On Oct 21, 2007, at 6:41 , Peter Hercek wrote:
Brandon S. Allbery KF8NH wrote:
On Oct 19, 2007, at 12:11 , Sebastian Sylvan wrote:
On 19/10/2007, Kalman Noel <[EMAIL PROTECTED]> wrote:
data ExistsNumber = forall a. Num a => Number a
I'm without a Haskell compiler, but shouldn't that be "exists a."?
The problem is that "exists" is not valid in either Haskell 98 or
any current extension, whereas "forall" is a very common
extension. But you can simulate "exists" via "forall", which is
the thrust of these approaches.
When 'exists' is not a keyword, why 'forall' is needed at all?
NB. Haskell98 doesn't have forall. All type variables are
implicitly scoped to the entire type (e.g. foo :: (a -> b) -> a -> b
is actually foo :: forall a b. (a -> b) -> a -> b).

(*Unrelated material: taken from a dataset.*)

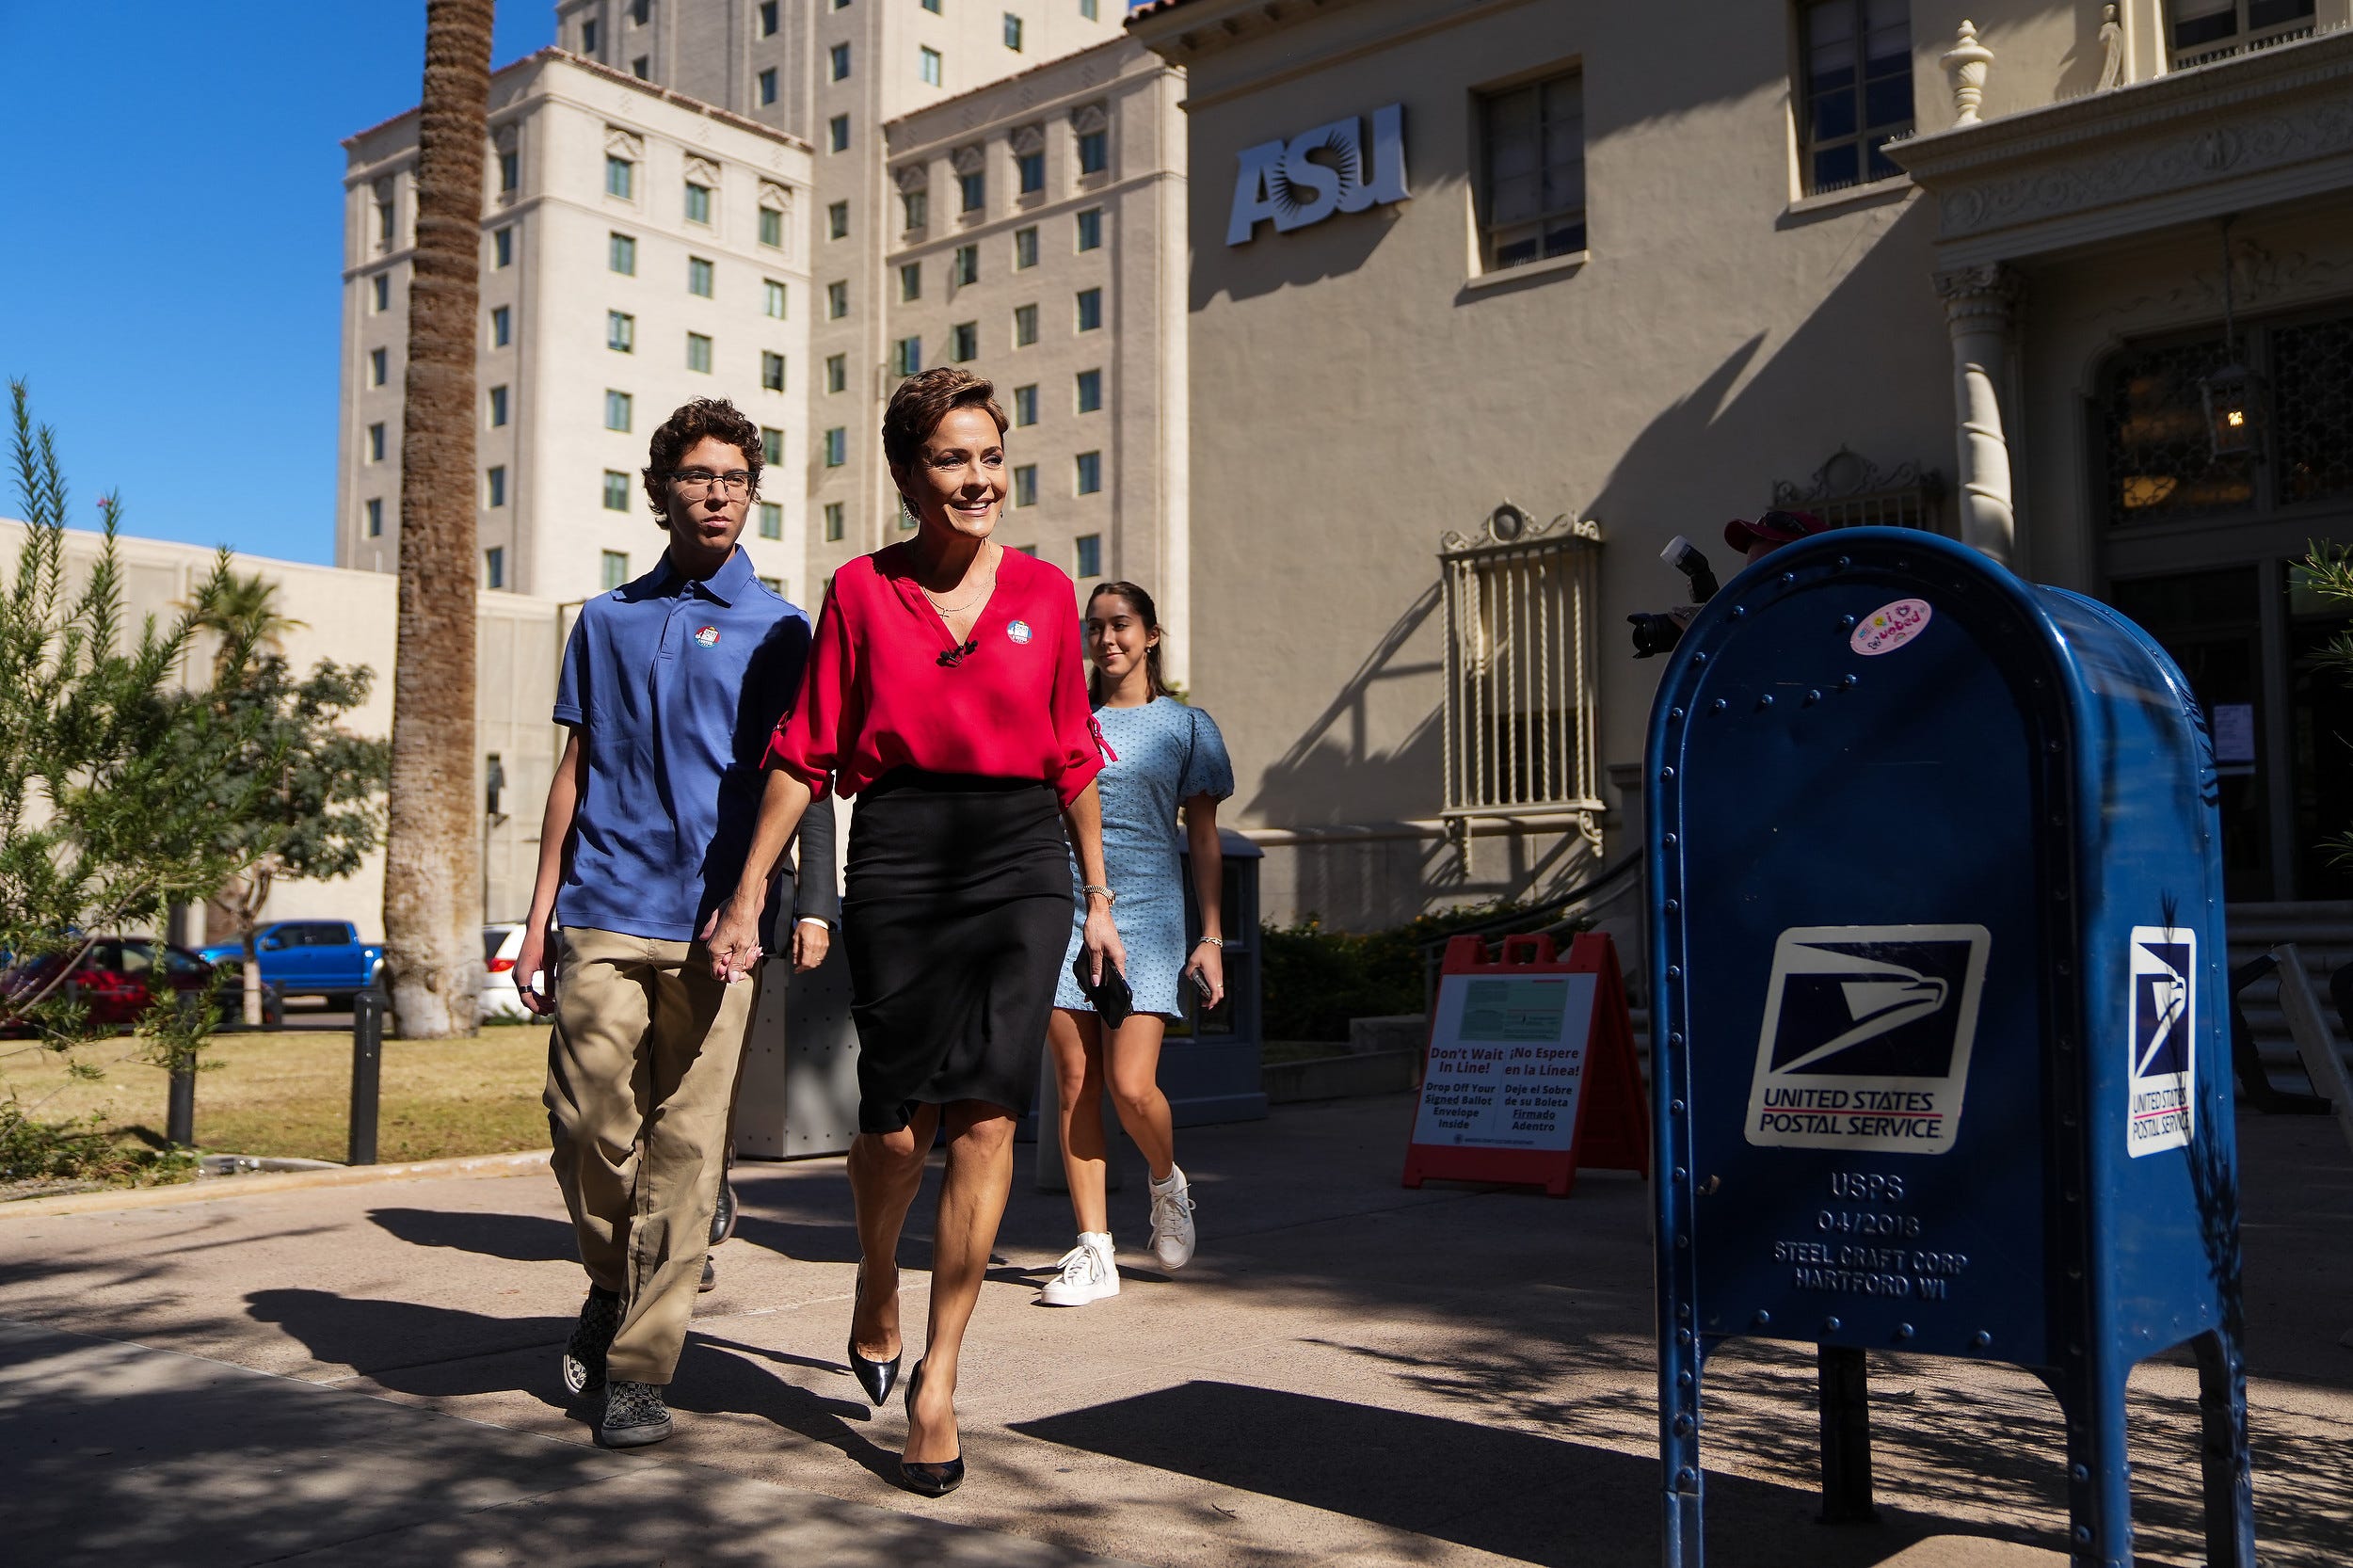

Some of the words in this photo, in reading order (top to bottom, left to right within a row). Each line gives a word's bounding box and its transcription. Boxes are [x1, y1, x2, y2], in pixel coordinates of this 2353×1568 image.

The point of the forall keyword is that it can be scoped. Compare
runState to runST: ST carries around a bracketed forall on the state
expression (forall s. ST s a), preventing it from being viewed or
modified (or initialized!) outside the scope established by runST,
whereas you can carry around a State (State s a) and thread the state
s through an expression "by hand" via evalState / execState (or
pattern matching on the State value, which is what those translate to
after a pass through runState).
Given scoped forall, you can simulate exists by using something very
like (identical to, via Curry-Howard?) de Morgan's Rule.
--
brandon s. allbery [solaris,freebsd,perl,pugs,haskell] [EMAIL PROTECTED]
system administrator [openafs,heimdal,too many hats] [EMAIL PROTECTED]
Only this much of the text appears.